**Data under study:**
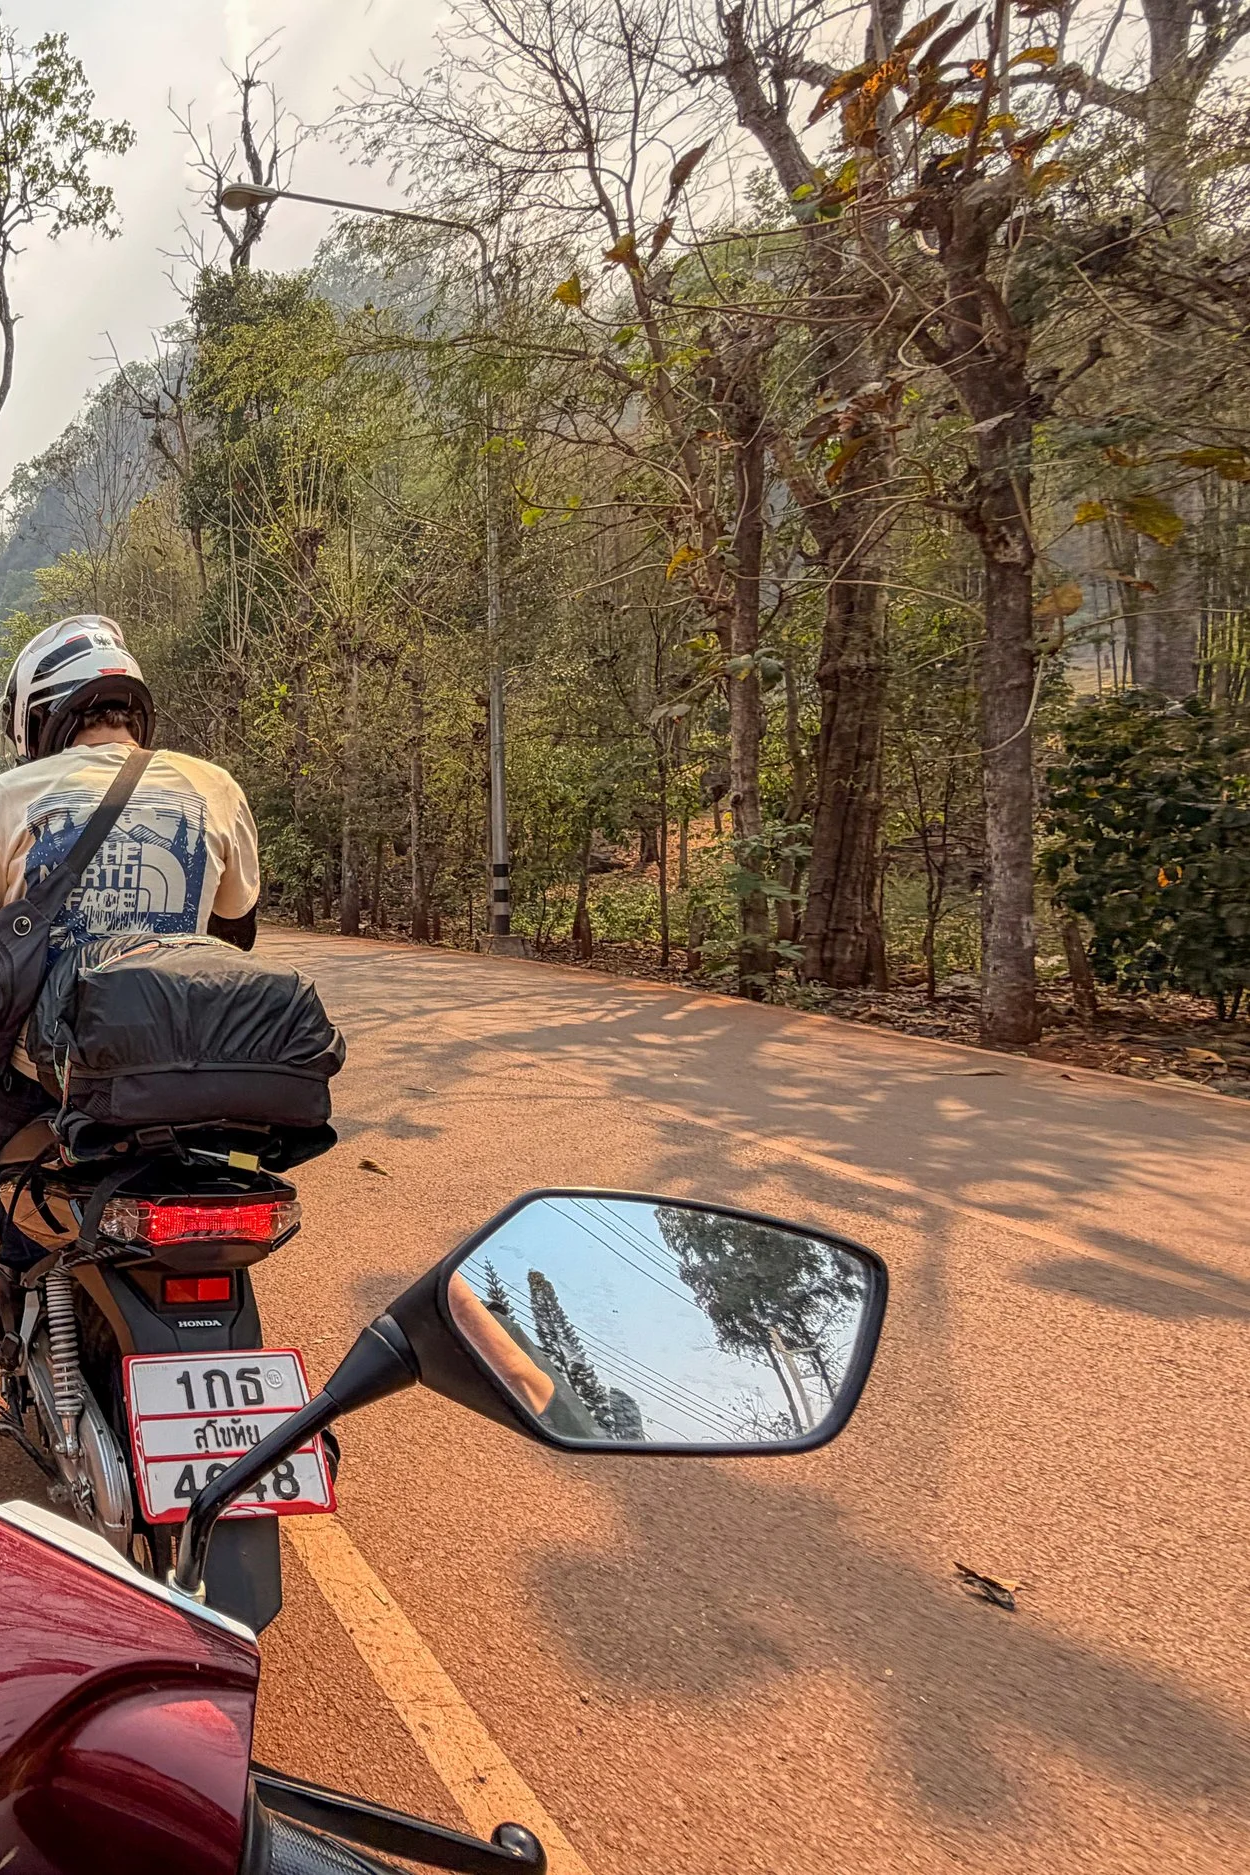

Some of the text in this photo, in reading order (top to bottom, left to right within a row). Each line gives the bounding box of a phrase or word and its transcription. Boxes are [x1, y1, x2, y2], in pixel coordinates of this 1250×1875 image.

[90, 841, 141, 864] HE
[64, 887, 137, 912] FACE
[177, 1319, 223, 1328] HONDA
[177, 1366, 265, 1410] 1กธ
[193, 1417, 262, 1454] สุโขทัย
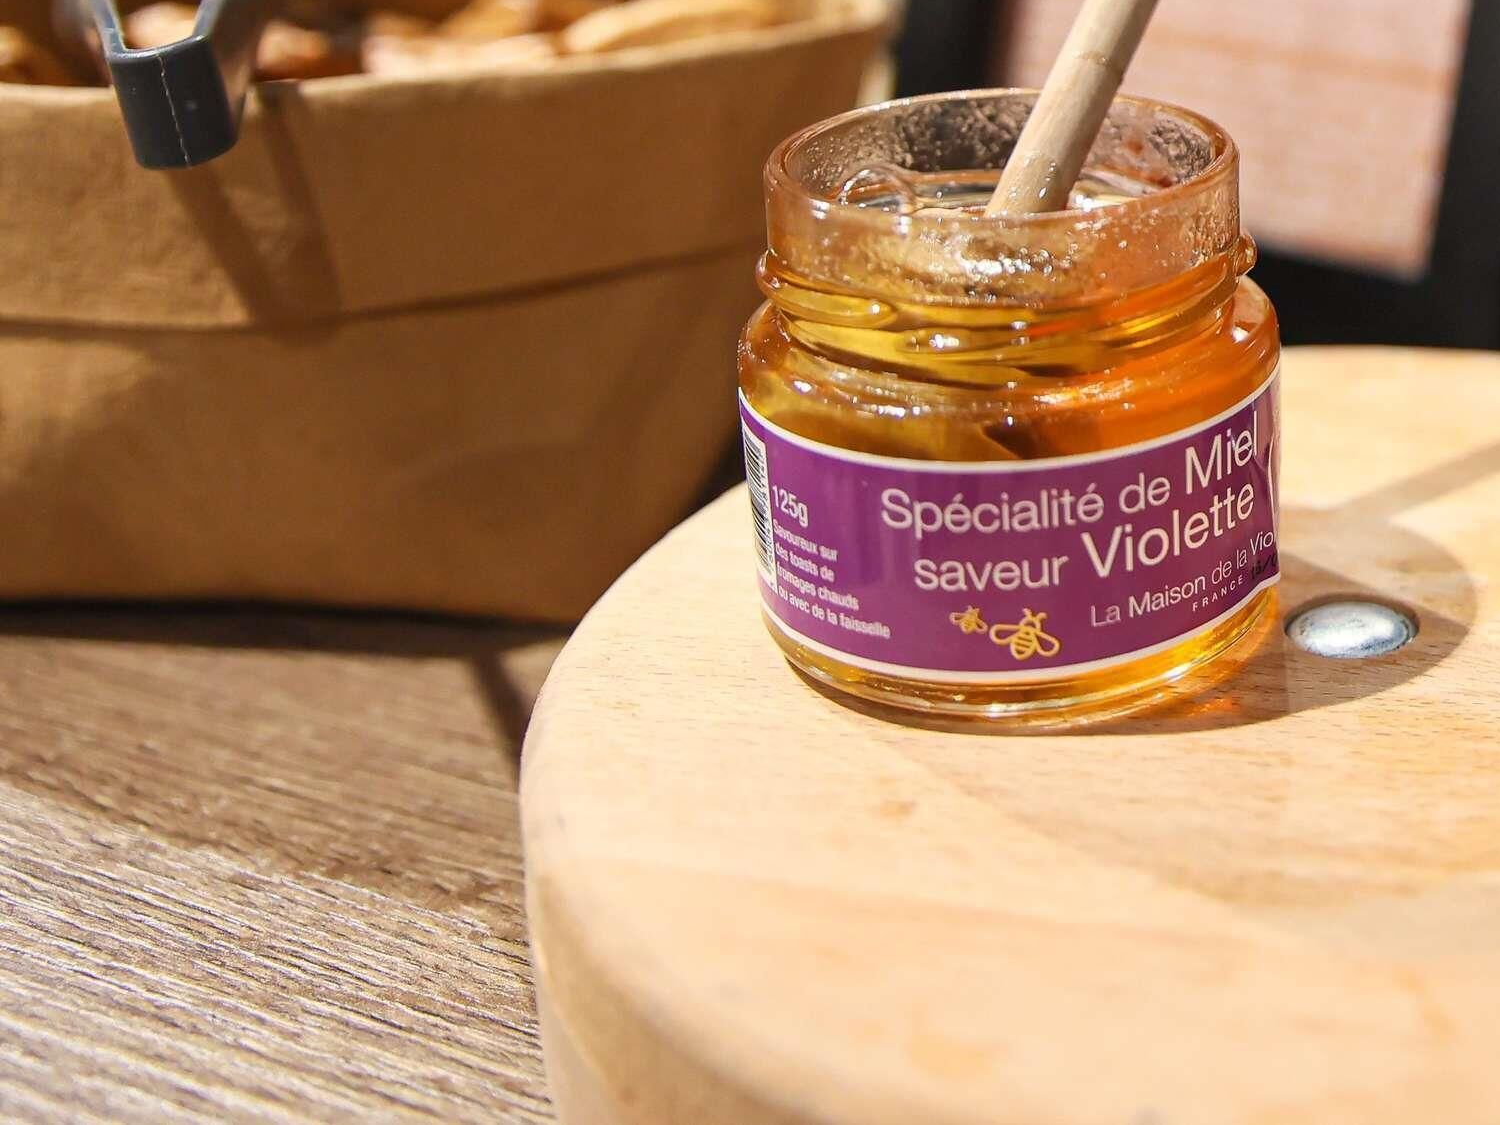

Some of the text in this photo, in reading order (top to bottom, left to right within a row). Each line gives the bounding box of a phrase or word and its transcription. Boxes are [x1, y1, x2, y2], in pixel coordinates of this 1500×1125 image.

[772, 484, 809, 528] 125g
[881, 410, 1258, 541] Spécialité de Miel
[914, 483, 1254, 592] saveur Violette
[788, 592, 811, 614] avec
[811, 603, 826, 620] de
[826, 608, 839, 625] la
[1090, 604, 1121, 627] La
[1128, 575, 1206, 618] Maison
[1211, 560, 1232, 585] de
[1236, 548, 1248, 570] la
[1192, 574, 1244, 612] FRANCE

**Work instructions:** Please reproduce the closing stretch of the records, from the line with "this 1500×1125 image." through the last line, exactly as it stands.

**Solution to this problem:**
Some of the text in this photo, in reading order (top to bottom, left to right within a row). Each line gives the bounding box of a phrase or word and its transcription. Boxes are [x1, y1, x2, y2], in pixel coordinates of this 1500×1125 image.

[772, 484, 809, 528] 125g
[881, 410, 1258, 541] Spécialité de Miel
[914, 483, 1254, 592] saveur Violette
[788, 592, 811, 614] avec
[811, 603, 826, 620] de
[826, 608, 839, 625] la
[1090, 604, 1121, 627] La
[1128, 575, 1206, 618] Maison
[1211, 560, 1232, 585] de
[1236, 548, 1248, 570] la
[1192, 574, 1244, 612] FRANCE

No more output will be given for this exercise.